Recent Advances in Carbocyclic Nucleosides: Synthesis and Biological Activity

Jianing Wang Ravindra K. Rawal Chung K. Chu

The University of Georgia, College of Pharmacy, Athens GA

1.1 Introduction

As fundamental building blocks of nucleic acids, nucleosides are essential to the process of replication and transcription of genetic information in living organisms (1). Therefore, a nucleoside analog is able to interfere with the replication of pathogenic agents or with the proliferation of cancer cells by competing with their natural counterparts, and this conception has attracted considerable attention in the field of chemotherapy.

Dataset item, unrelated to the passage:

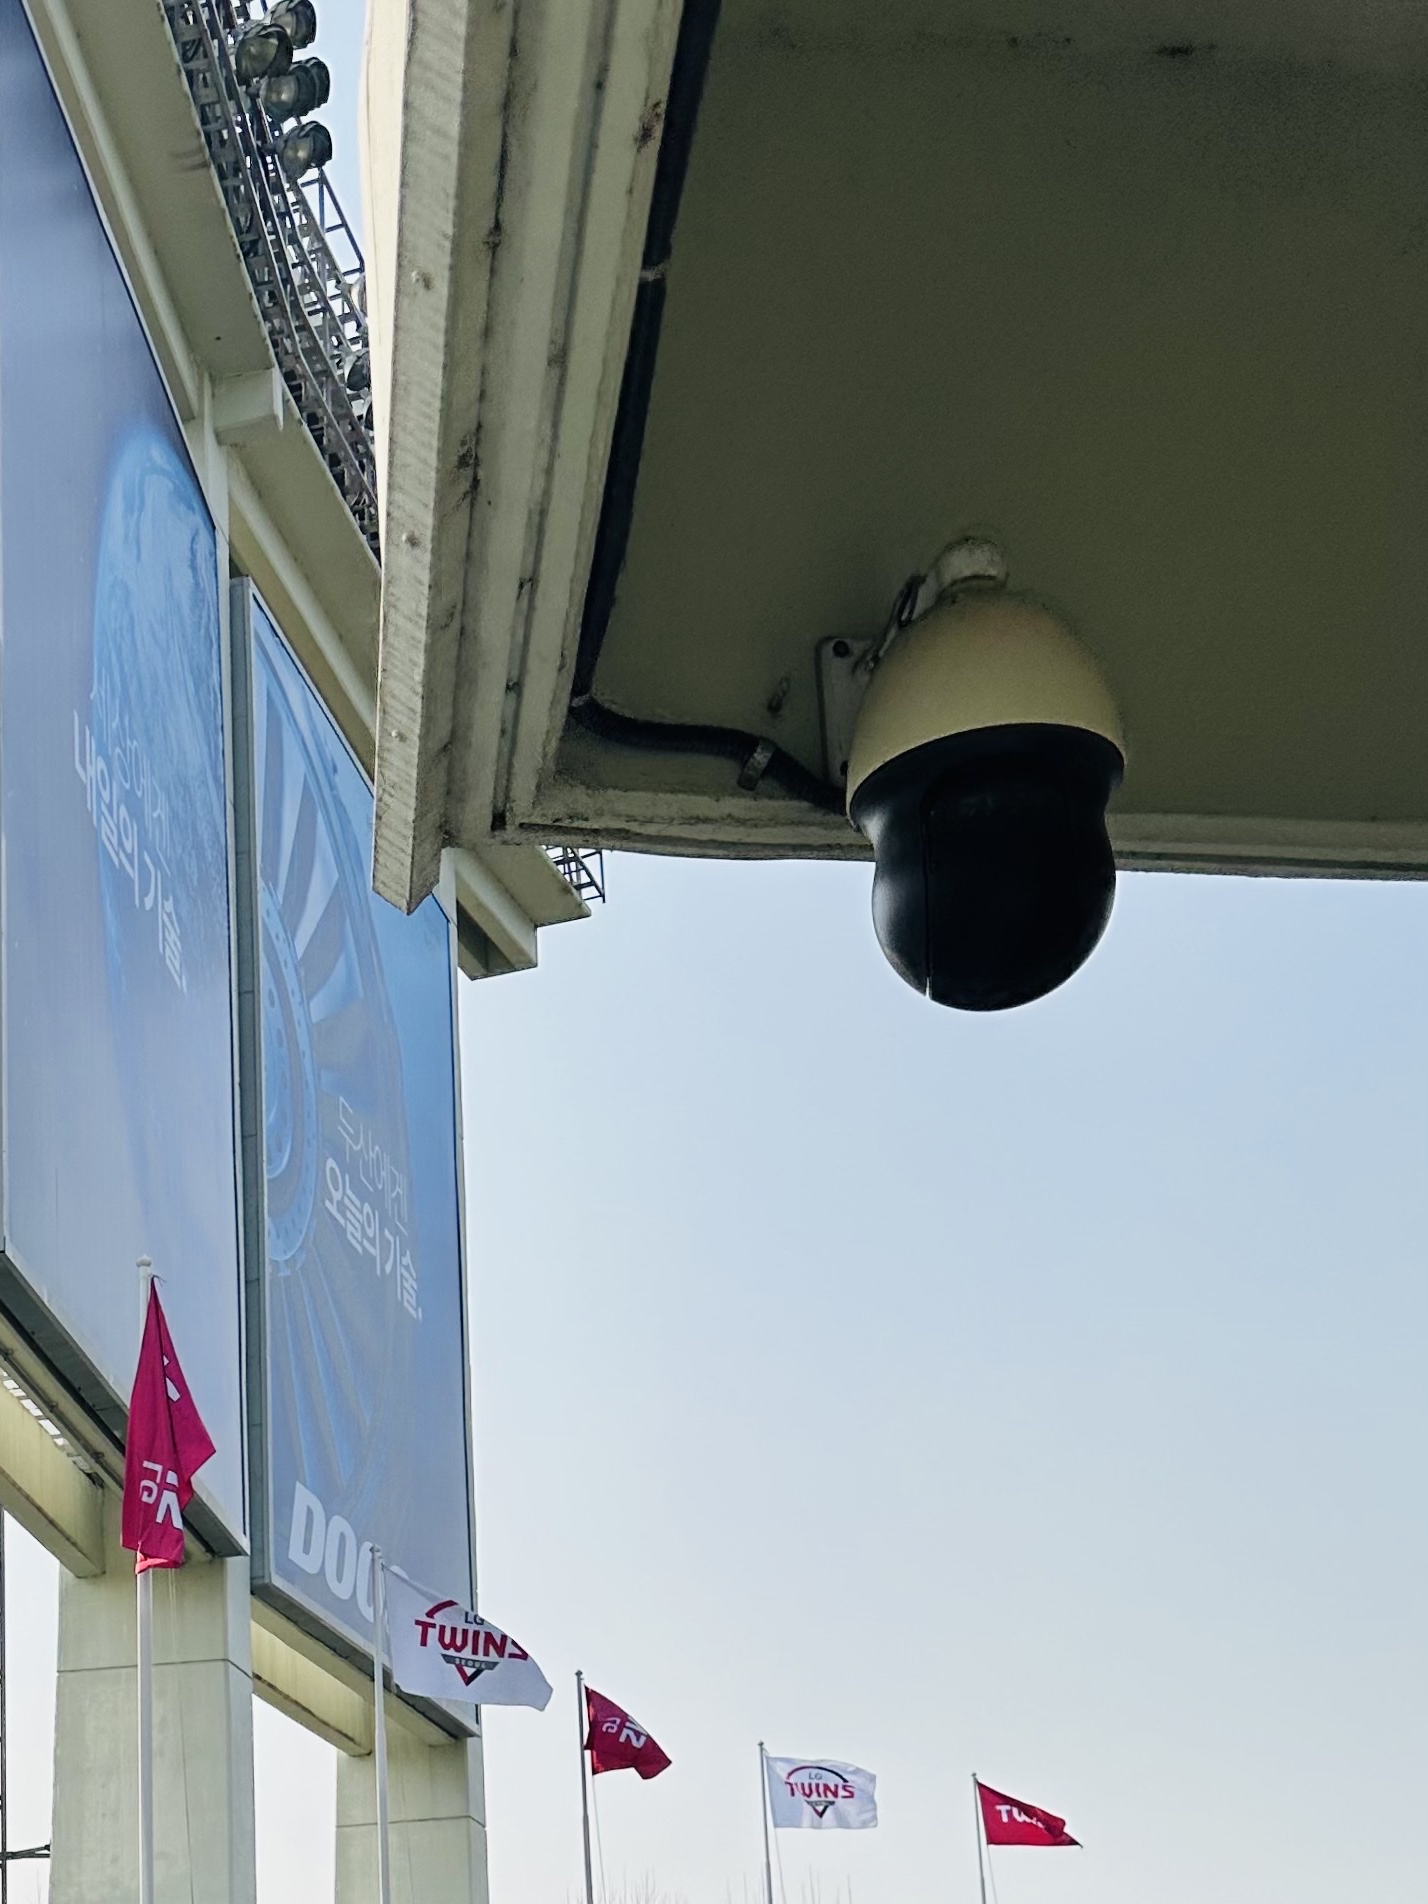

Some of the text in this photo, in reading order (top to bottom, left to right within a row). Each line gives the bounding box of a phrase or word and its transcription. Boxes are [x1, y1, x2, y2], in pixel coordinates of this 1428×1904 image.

Indeed, the past decades have witnessed the emergence of numerous therapeutically important nucleosides. In antiviral chemotherapy, eight nucleosides/nucleotides are currently licensed for the treatment of human immunodeficiency virus (HIV) infection, and five nucleosides/nucleotides have been approved for anti-hepatitis B virus (HBV) therapy. A number of other nucleoside analogs are widely used against herpes simplex virus (HSV), varicella-zoster virus (VZV), cytomegalovirus (CMV), influenza virus, respiratory syncytial virus (RSV), and hepatitis C virus (HCV) (2). In cancer chemotherapy, several nucleoside analogs have also demonstrated their clinical application (3).